しかし、広告であるため一定の費用をかける必要があります。費用感や費用を削減するポイントを理解していないと、ただ広告費だけがかさんでしまい、本来の目的である利益に繋がりません。そこで今回は、リスティング広告の費用の決め方や抑えるポイントなどを解説していきます。

課金方式

リスティング広告の課金方式はクリック課金制です。クリック課金制の費用は「クリック単価×クリック数」で決定されます。つまり、クリックされなければ費用は発生しません。 

このクリック単価は以下の要素で決定します。

  • 上限クリック単価
  • 品質スコア
  • 掲載順位

上限クリック単価とは、広告主が決定した1クリックの単価です。

品質スコアは、クリック数などの広告のパフォーマンスによって決定され、掲載順位はこれら2つを踏まえた広告ランクによって決定されています。

費用の決め方

では、ここからは実際の費用の決め方について解説していきます。
今回紹介する費用の決め方は以下の5つです。

  • 成果目標から決める
  • クリック単価から決める
  • 損益分岐点から決める
  • LTVから決める
  • 現在の売上から決める

それぞれ基準としている数字が違うため、比較し自社にあった費用の決め方を検討しましょう。
ひとつずつ解説していきます。

成果目標から決める

これは、まず実際にリスティング広告で売上げたい金額をベースに予算を決める方法です。
クリック単価とコンバージョン率の仮定から、売上金額を先に決定しておきます。

たとえば、単価3万円の商品で100万円を売上げるためには、34個ほど売らなくてはいけません。仮にそのコンバージョン率が1%で34個売るのであれば、3,400クリックが必要となります。3,400クリックに100円を掛けると34万円となり、これが予算になるというわけです。

クリック単価から決める

次はキーワードの平均クリック単価から予算を決める方法です。
平均クリック単価は、Yahoo!プロモーション広告GoogleAdWordsで算出できます。

導き出したクリック単価の相場が130円でコンバージョン率が1%のとき、商品を10個販売する場合だと13万円の予算が必要になります。

損益分岐点から決める

他にも、損益分岐点をベースに予算を決める方法もあります。

損益分岐点とは、ちょうど黒字と赤字の境目であり、それを上回ると黒字・下回りと赤字になる数字のことです。たとえば、製造から販売コストが3,000円かかる10,000円の商品であれば、7,000円の利益が出ます。

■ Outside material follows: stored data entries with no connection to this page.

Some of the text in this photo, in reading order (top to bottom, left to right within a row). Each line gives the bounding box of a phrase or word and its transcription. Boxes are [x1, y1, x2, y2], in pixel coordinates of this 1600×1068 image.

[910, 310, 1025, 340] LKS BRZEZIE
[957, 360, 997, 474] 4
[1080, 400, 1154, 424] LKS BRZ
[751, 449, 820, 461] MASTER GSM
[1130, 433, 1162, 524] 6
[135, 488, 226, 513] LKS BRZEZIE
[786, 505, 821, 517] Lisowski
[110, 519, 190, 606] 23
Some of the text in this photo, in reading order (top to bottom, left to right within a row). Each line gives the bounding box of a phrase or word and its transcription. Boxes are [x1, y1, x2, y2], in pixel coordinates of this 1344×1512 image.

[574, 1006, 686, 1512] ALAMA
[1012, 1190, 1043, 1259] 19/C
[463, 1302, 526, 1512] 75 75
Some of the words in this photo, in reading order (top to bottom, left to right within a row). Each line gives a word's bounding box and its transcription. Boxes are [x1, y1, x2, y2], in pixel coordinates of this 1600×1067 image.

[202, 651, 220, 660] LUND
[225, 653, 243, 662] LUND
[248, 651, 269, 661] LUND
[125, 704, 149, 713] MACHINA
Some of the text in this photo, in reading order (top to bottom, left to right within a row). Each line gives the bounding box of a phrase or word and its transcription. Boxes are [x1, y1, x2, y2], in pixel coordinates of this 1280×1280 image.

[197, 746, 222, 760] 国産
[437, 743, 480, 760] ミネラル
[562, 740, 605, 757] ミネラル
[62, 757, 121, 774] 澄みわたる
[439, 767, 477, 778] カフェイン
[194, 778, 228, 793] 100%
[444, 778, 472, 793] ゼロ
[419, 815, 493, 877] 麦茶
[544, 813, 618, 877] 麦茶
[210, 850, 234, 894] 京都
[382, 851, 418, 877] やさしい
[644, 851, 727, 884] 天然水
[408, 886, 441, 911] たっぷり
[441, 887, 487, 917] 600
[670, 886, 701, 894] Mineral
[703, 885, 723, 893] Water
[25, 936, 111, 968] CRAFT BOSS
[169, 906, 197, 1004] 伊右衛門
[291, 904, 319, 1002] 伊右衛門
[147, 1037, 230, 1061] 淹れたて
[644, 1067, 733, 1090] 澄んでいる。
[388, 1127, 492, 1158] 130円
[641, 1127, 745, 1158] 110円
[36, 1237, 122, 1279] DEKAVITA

商品一つに対して、費用がこの利益である7,000円を超えてしまうと赤字になります。
そこで仮に損益分岐点の7,000円を下回る6,000円を費用に設定した場合、販売目標が50個であれば予算は30万円となります。

LTVから決める

LTVとは「ライフタイムバリュー」の略称です。損益分岐点の応用のような考え方であり「顧客が数回のリピートをした結果の最終的な利益」のことを指します。

損益分岐点の例で言うと、利益7,000円で2回購入してもらえるのであれば、損益分岐点が14,000円を越えなければ赤字にはならないといった考え方です。そうなると、先ほどと同様に販売目標が50個の場合でも、予算は70万円まで増えることになります。

現在の売上から決める

現在の売上を基準に広告費を決める方法もあります。

一般的な広告費の割合は、売上に対して5%から10%が目安です。そこから考えると、現在の売り上げが400万円であれば使える予算は20万円から40万円の間となります。